- Born: September 20, 1964 (age 60) Havana, Cuba
- Occupation: construction worker
- Organization: Alternative Option Movement
- Known for: imprisonment, democracy activism
- Spouse: Berta Soler
- Children: Luis Angel and Lienys

= Angel Moya Acosta =

Cuban dissident

 Angel Moya Acosta (born 20 September 1964) is a Cuban construction worker and the founder of the Alternative Option Movement.

Moya fought for one-and-a-half years in the Cuban intervention in Angola in the late 1980s. In the following decade, Moya was arrested several times for his activism. In December 1997, he was arrested on his way to join a public memorial, and in November 1999 he was arrested for participating in a prayer session for dissident Oscar Biscet. On 15 December 1999, he was arrested and imprisoned after a demonstration along with fellow Alternative Option Movement members Guido and Ariel Sigler Amaya; the latter arrest caused Amnesty International to designate him a prisoner of conscience.

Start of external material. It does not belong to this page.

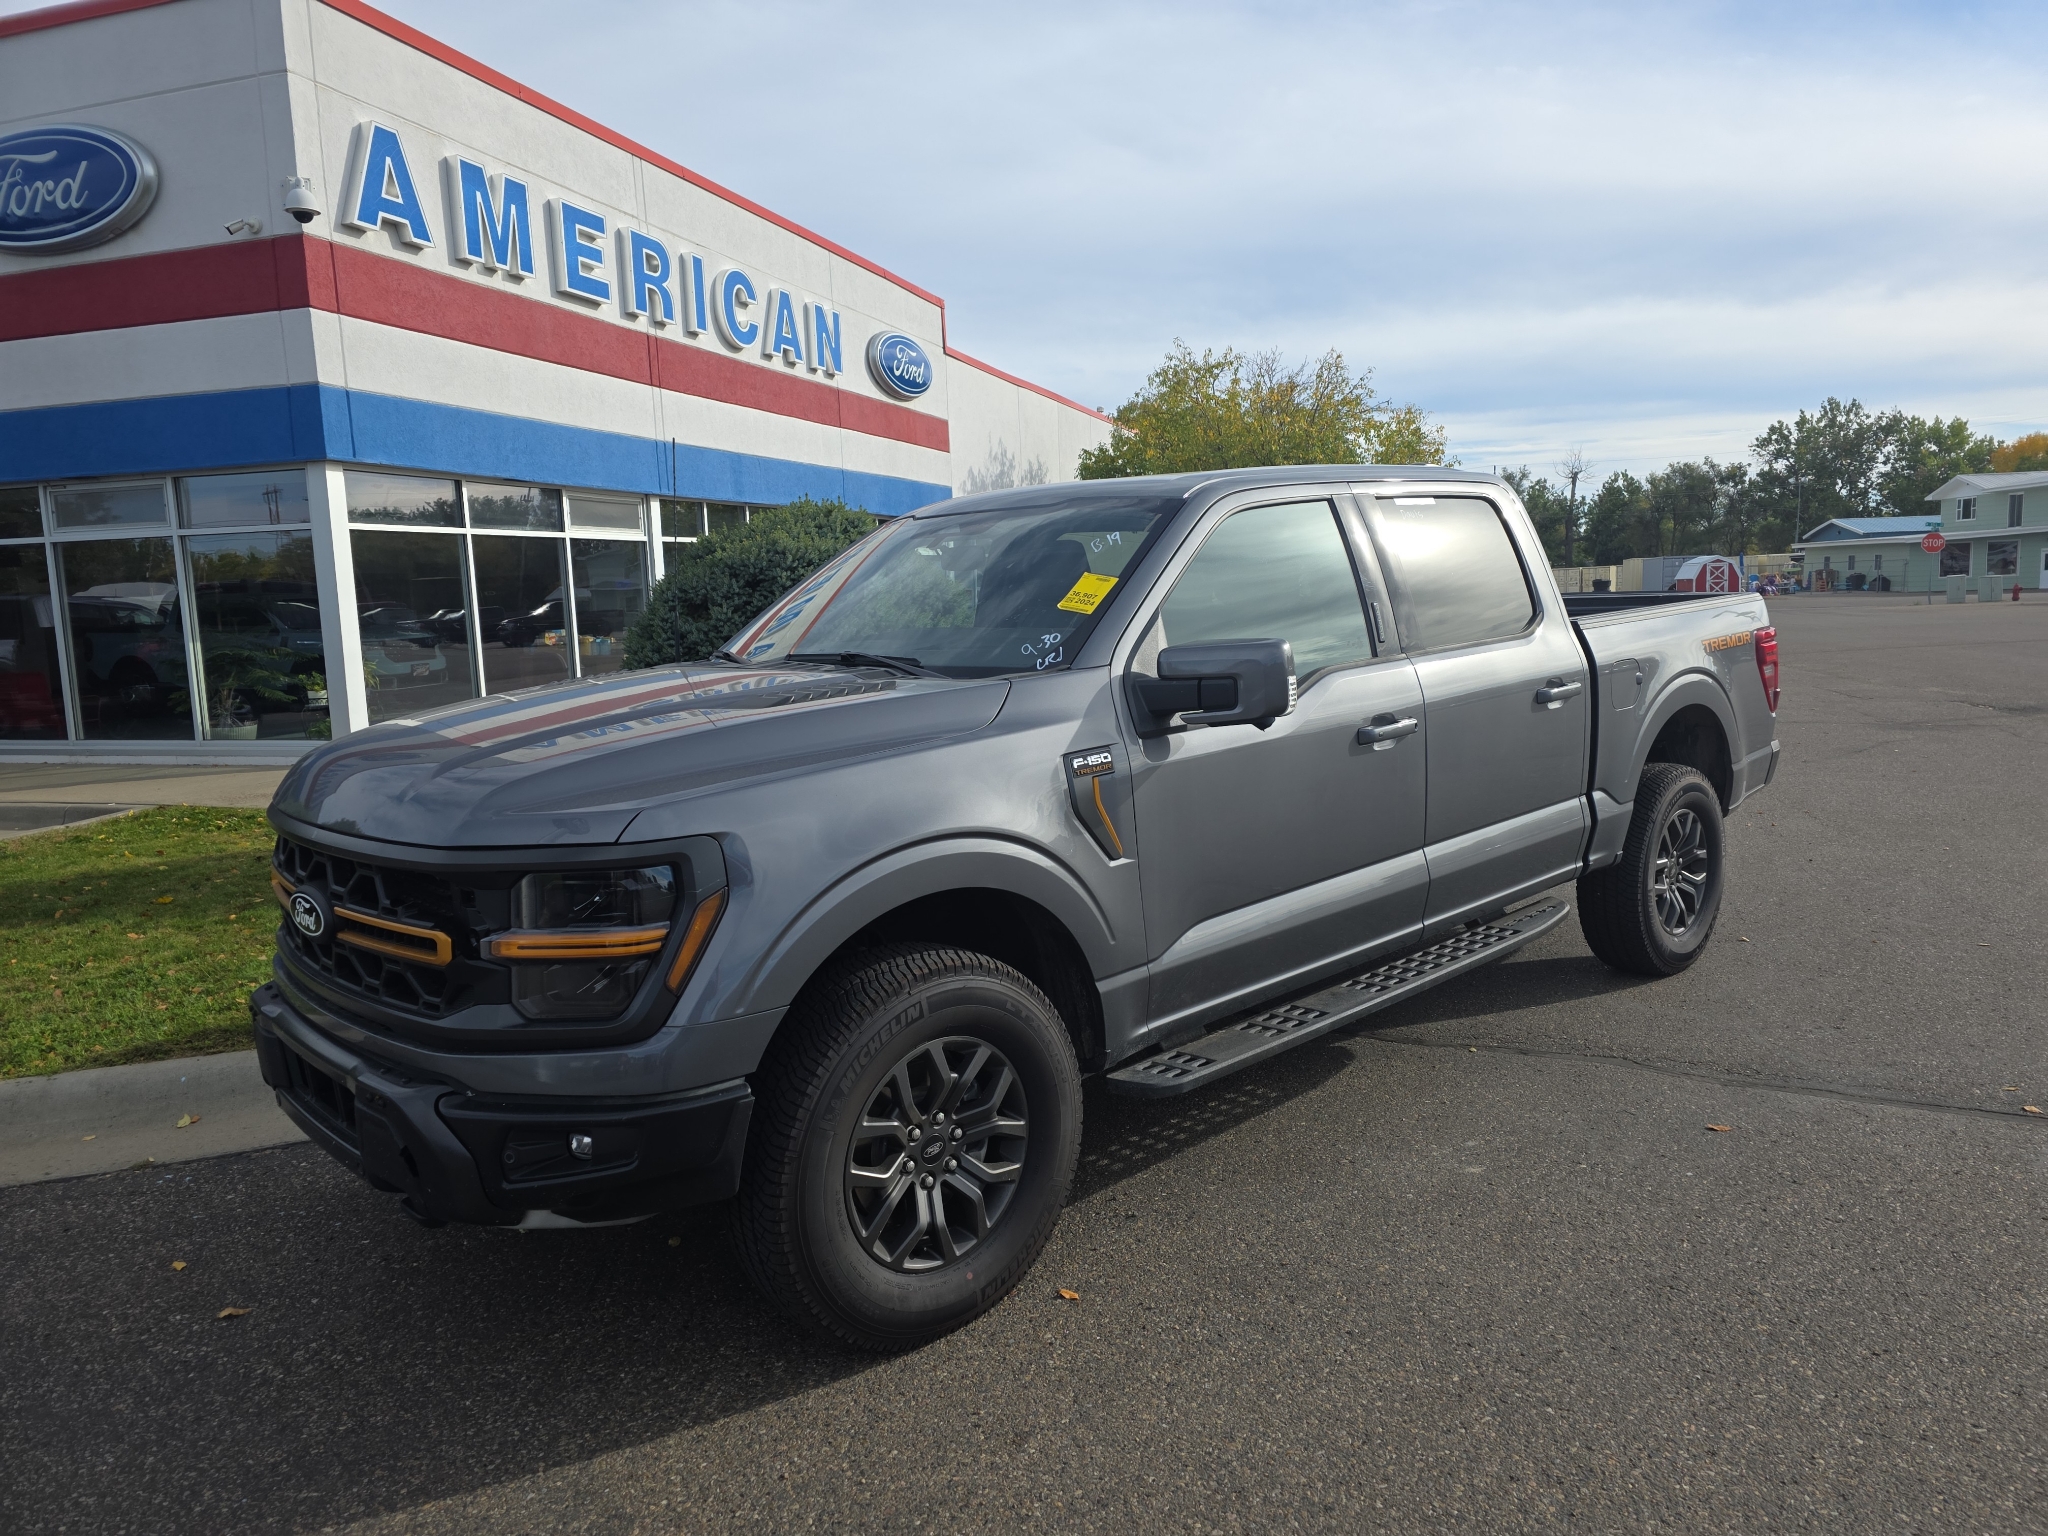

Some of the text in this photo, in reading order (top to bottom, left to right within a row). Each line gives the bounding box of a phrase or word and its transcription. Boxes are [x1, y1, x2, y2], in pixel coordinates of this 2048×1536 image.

In 2000, he was arrested and imprisoned for a year for "disrespect" after commemorating the anniversary of the Universal Declaration of Human Rights.

He was again imprisoned during the Black Spring in 2003, and sentenced to 20 years in jail. His wife Berta Soler, now leader of the Ladies in White movement, campaigned on his behalf.

When Moya suffered a herniated disc in October 2004, Soler began a campaign to urge the government to give him an operation, submitting a letter to President Fidel Castro on his behalf and staging a rare protest in Havana's Plaza de la Revolución with the Ladies in White. She described the protest as "my right and duty as a wife". After two days of protest, Moya was given surgery.

After Moya's early release from prison in 2011, he and Soler chose to remain in Cuba and continue their calls for the release of political prisoners, despite being offered emigration to Spain.

In March 2012, Soler and Moya were detained along with three dozen other demonstrators when they staged their weekly protest ahead of a visit of Pope Benedict XVI. Soler told reporters that authorities had warned the Ladies to avoid Benedict's public appearances, including masses.

== Family ==
Soler is a microbiology technician at a Havana hospital. Moya and Soler have two sons, Luis Angel and Lienys.